Tejas Belagod - Oct. 16, 2012, 4:29 p.m.
Hi,

I seem to have uncovered what seems to be a bug with handling SUBREG (MEM) with
the MEM having side-effects while testing aarch64-4.7. This bug seems to be
latent on trunk.

Here is a test case reduced from gcc.c-torture/execute/scal-to-vec1.c.

#define vector(elcount, type)  \
__attribute__((vector_size((elcount)*sizeof(type)))) type

#define vidx(type, vec, idx) (*((type *) &(vec) + idx))
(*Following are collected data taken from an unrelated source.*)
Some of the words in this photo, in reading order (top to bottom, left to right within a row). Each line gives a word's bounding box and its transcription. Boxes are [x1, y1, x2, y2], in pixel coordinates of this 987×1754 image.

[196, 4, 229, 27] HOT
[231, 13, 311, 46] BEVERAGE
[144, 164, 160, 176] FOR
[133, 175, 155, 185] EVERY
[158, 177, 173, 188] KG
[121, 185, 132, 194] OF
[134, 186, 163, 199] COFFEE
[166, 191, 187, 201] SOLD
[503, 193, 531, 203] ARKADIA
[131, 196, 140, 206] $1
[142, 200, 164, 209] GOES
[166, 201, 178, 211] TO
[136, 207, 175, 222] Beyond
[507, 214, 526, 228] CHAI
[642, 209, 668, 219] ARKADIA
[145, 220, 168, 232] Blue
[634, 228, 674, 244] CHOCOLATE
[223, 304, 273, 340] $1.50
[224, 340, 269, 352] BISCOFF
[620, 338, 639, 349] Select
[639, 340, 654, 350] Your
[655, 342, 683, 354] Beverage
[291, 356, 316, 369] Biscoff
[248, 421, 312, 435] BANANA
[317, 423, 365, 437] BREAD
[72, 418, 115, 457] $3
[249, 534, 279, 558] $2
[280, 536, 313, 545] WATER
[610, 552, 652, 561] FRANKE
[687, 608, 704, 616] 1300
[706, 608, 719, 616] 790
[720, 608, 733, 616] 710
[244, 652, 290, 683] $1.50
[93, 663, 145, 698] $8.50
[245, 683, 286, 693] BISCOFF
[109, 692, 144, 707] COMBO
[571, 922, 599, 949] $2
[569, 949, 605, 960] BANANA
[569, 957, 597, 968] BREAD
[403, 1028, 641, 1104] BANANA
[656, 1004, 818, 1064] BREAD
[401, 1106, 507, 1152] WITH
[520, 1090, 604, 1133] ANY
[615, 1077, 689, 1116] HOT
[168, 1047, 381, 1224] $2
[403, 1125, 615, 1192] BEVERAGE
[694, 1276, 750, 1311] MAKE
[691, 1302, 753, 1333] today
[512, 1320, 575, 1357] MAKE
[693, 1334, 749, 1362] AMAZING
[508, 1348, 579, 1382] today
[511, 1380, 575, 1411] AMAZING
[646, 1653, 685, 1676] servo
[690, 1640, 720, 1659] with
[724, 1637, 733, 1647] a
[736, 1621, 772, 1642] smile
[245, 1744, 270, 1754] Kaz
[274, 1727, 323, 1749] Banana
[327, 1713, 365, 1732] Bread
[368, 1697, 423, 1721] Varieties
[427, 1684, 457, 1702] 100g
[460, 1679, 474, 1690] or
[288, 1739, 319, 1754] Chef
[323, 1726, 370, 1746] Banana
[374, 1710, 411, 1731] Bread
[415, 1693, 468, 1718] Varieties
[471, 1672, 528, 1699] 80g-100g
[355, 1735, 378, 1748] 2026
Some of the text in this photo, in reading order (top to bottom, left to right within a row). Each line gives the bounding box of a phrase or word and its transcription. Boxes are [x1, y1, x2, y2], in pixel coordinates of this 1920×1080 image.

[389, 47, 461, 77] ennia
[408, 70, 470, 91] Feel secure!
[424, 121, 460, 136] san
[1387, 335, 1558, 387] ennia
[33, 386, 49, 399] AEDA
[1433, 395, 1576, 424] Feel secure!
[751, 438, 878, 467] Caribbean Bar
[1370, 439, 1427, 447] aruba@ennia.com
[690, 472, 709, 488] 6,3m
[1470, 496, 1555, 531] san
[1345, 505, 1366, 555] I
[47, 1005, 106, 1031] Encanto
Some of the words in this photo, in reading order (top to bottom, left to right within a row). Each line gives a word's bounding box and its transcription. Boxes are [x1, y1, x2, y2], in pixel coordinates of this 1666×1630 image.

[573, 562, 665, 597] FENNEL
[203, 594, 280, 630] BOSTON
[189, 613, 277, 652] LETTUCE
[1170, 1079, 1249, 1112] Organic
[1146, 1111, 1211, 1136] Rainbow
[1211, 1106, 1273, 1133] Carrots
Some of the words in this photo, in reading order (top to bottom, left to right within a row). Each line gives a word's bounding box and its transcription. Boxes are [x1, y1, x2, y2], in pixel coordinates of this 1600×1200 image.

#define operl(a, b, op) (a op b)
#define operr(a, b, op) (b op a)

#define check(type, count, vec0, vec1, num, op, lr) \
do {\
        int __i; \
        for (__i = 0; __i < count; __i++) {\
            if (vidx (type, vec1, __i) != oper##lr (num, vidx (type, vec0, __i),
op)) \
                __builtin_abort (); \
        }\
} while (0)

#define veccompare(type, count, v0, v1) \
do {\
        int __i; \
        for (__i = 0; __i < count; __i++) { \
            if (vidx (type, v0, __i) != vidx (type, v1, __i)) \
                __builtin_abort (); \
        } \
} while (0)

volatile int one = 1;

int main (int argc, char *argv[]) {

        vector(8, short) v0 = {one, 1, 2, 3, 4, 5, 6, 7};
        vector(8, short) v1;
        v1 = 2 << v0;   check (short, 8, v0, v1, 2, <<, l);
        return 0;
}

When compiled with -O1, the combiner tries to combine these two instructions:

(insn 87 86 89 4 (set (reg:SI 154 [ MEM[base: D.2294_40, offset: 0B] ])
            (sign_extend:SI (mem:HI (pre_inc:DI (reg:DI 113 [ ivtmp.23 ])) [0
MEM[base: D.2294_40, offset: 0B]+0 S2 A16]))) scal-to-vec1.c:35 54
{*extendhisi2_aarch64}
         (expr_list:REG_INC (reg:DI 113 [ ivtmp.23 ])
            (nil)))

(insn 89 87 90 4 (set (reg:SI 155)
            (ashift:SI (reg:SI 158)
                (subreg:QI (reg:SI 154 [ MEM[base: D.2294_40, offset: 0B] ]) 0)))
scal-to-vec1.c:35 331 {*ashlsi3_insn}
         (expr_list:REG_DEAD (reg:SI 154 [ MEM[base: D.2294_40, offset: 0B] ])
            (nil)))

It tries to forward-propagate reg 154 to insn 89 and the intermediate RTL looks
like this:

(insn 89 87 90 4 (set (reg:SI 155)
            (ashift:SI (reg:SI 158)
                (subreg:QI ((sign_extend:SI (mem:HI (pre_inc:DI (reg:DI 113
						[ivtmp.23 ])) [0 MEM[base:
					D.2294_40, offset: 0B]+0 S2 A16])))

The combiner then recursively tries to simplify this RTL. During simplifying the
subreg part of the RTL i.e.

(subreg:QI ((sign_extend:SI (mem:HI (pre_inc:DI (reg:DI 113 ivtmp.23 ])) [0
						MEM[base: D.2294_40, offset:
							0B]+0 S2 A16])))

combine_simplify_rtx () calls simplify_subreg () and this returns

(subreg:QI (mem:HI (pre_inc:DI (reg:DI 113 ivtmp.23 ])) [0 		
				MEM[base: D.2294_40, offset: 0B]+0 S2 A16])))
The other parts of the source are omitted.